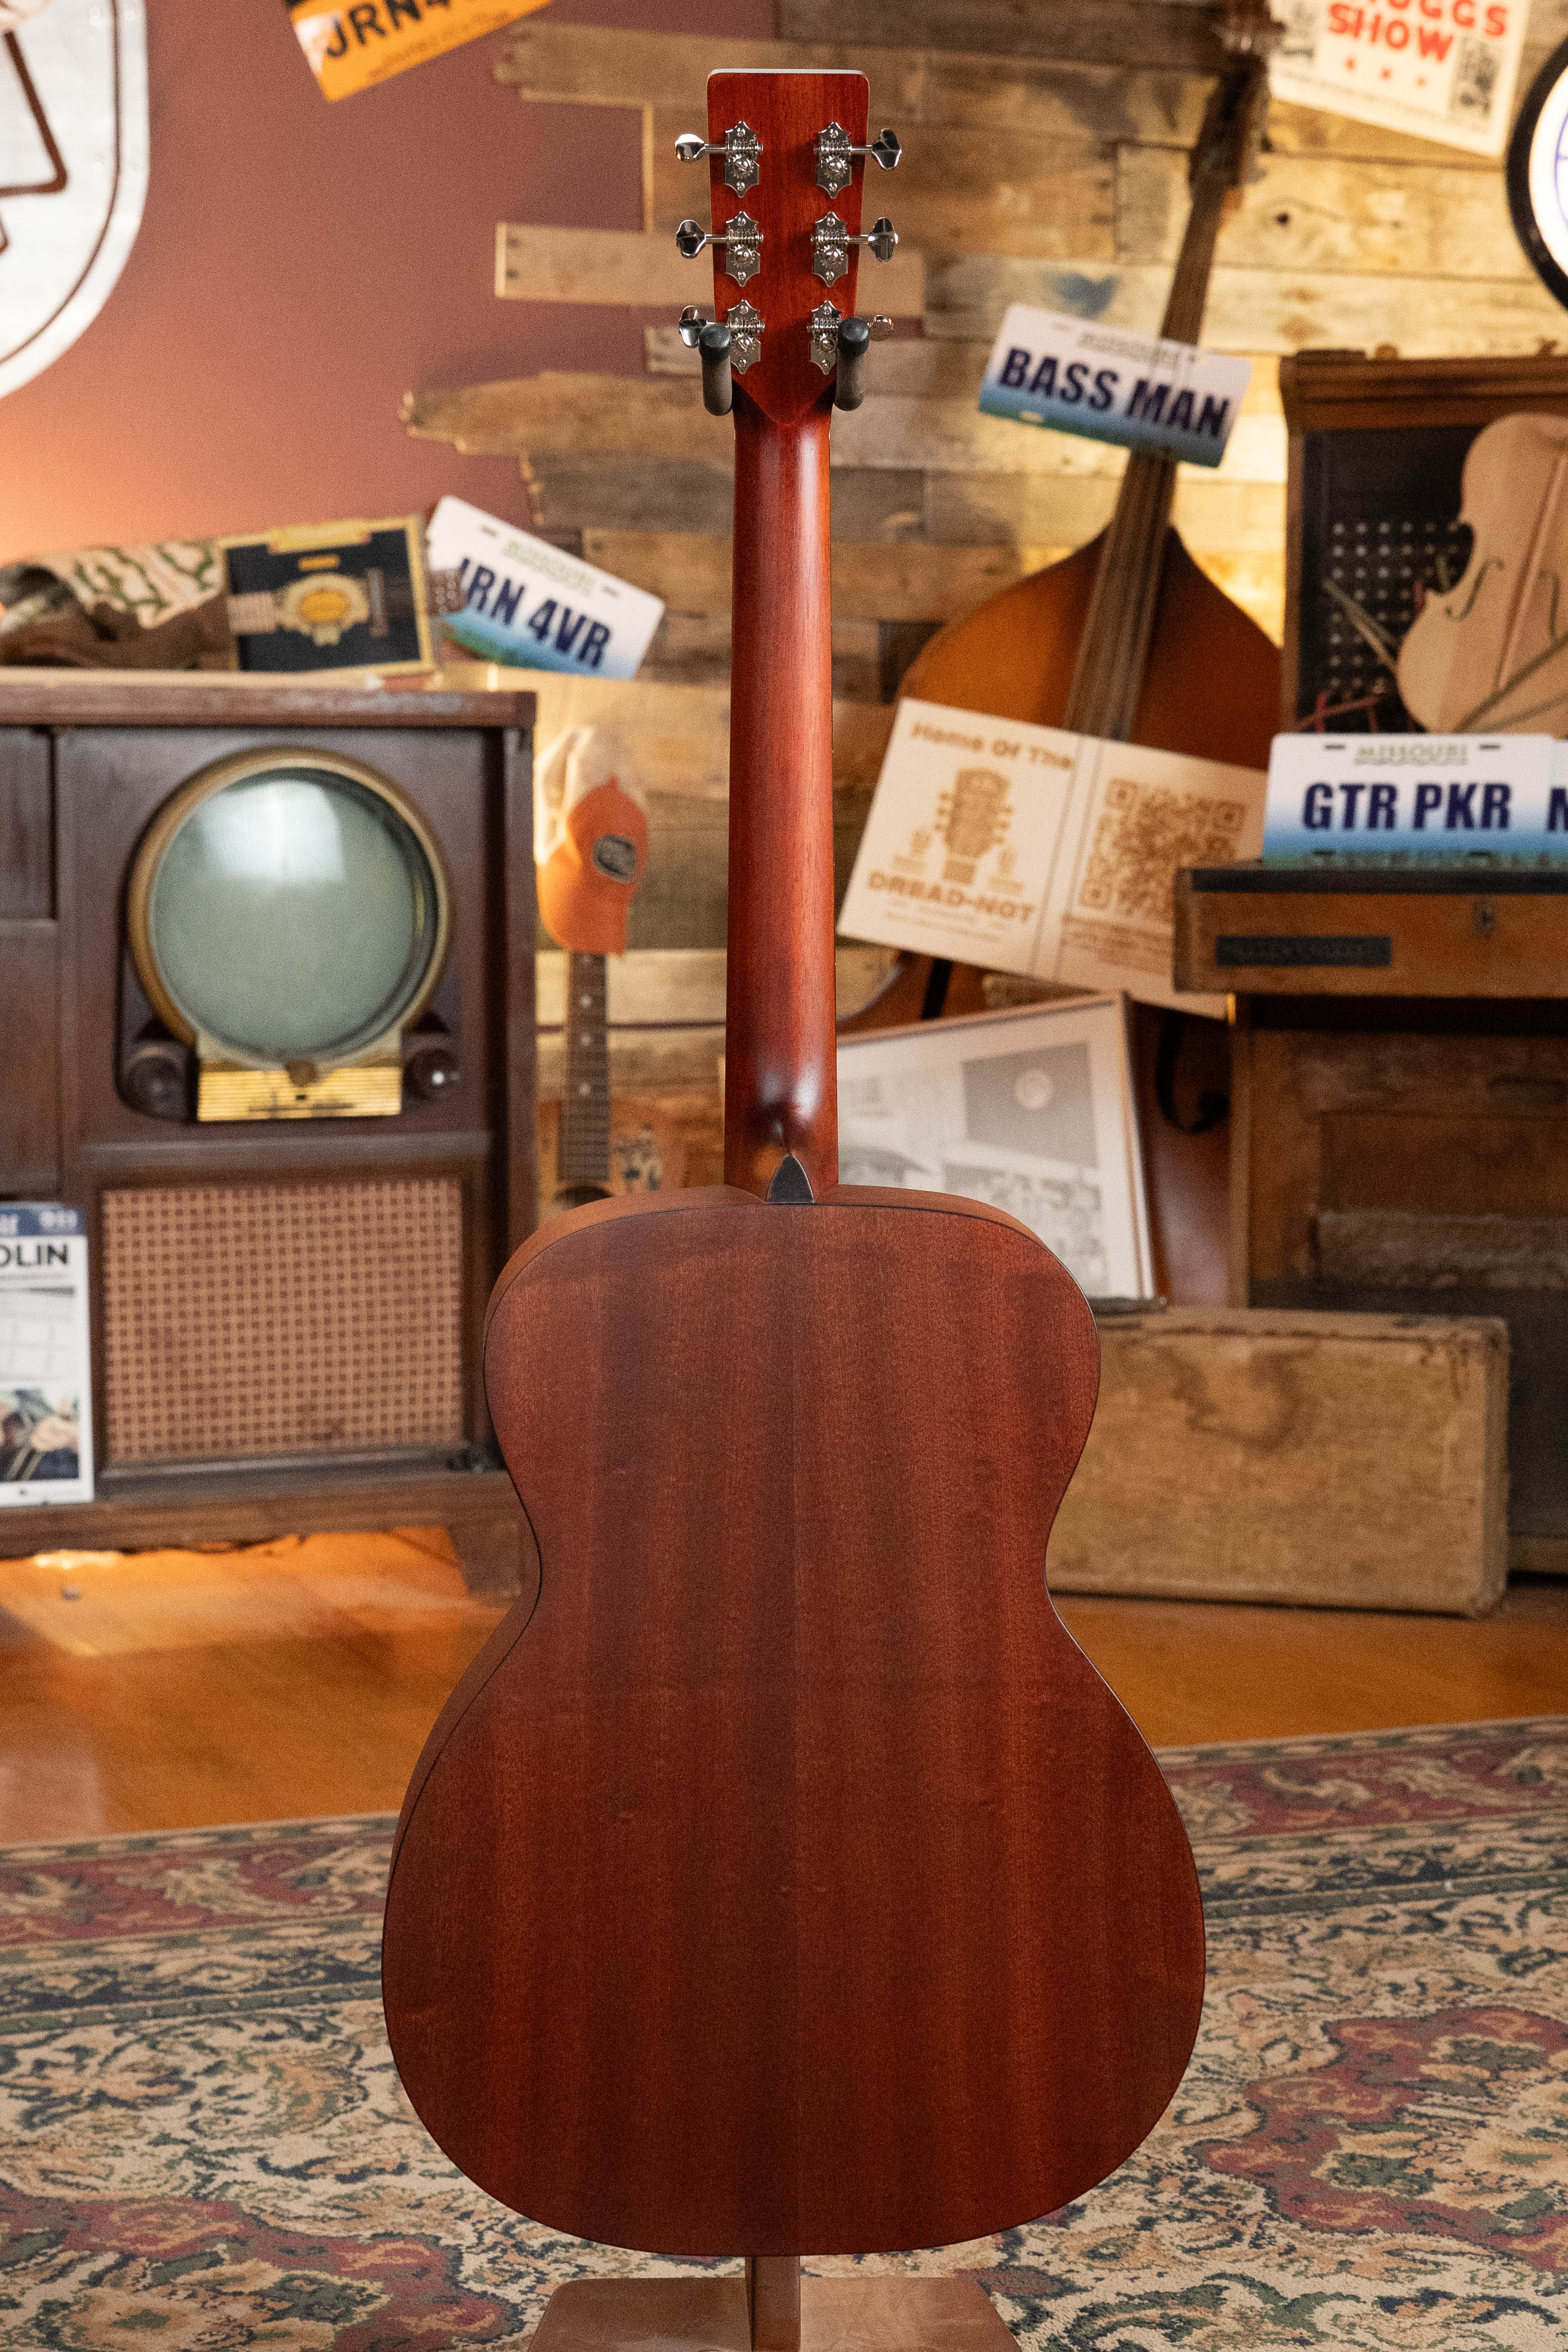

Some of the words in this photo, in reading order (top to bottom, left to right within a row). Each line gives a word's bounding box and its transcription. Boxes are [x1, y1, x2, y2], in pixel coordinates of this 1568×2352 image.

[326, 0, 451, 57] JRN
[1327, 2, 1454, 62] SHOW
[999, 346, 1119, 411] BASS
[1127, 378, 1230, 436] MAN
[528, 599, 612, 670] 4VR
[1302, 783, 1397, 830] GTR
[1414, 783, 1511, 830] PKR

============

### ACTION ITEM
Line for line, restate the data above and omit every picture.

### ANSWER TO THE PROBLEM
Some of the words in this photo, in reading order (top to bottom, left to right within a row). Each line gives a word's bounding box and its transcription. Boxes are [x1, y1, x2, y2], in pixel coordinates of this 1568×2352 image.

[326, 0, 451, 57] JRN
[1327, 2, 1454, 62] SHOW
[999, 346, 1119, 411] BASS
[1127, 378, 1230, 436] MAN
[528, 599, 612, 670] 4VR
[1302, 783, 1397, 830] GTR
[1414, 783, 1511, 830] PKR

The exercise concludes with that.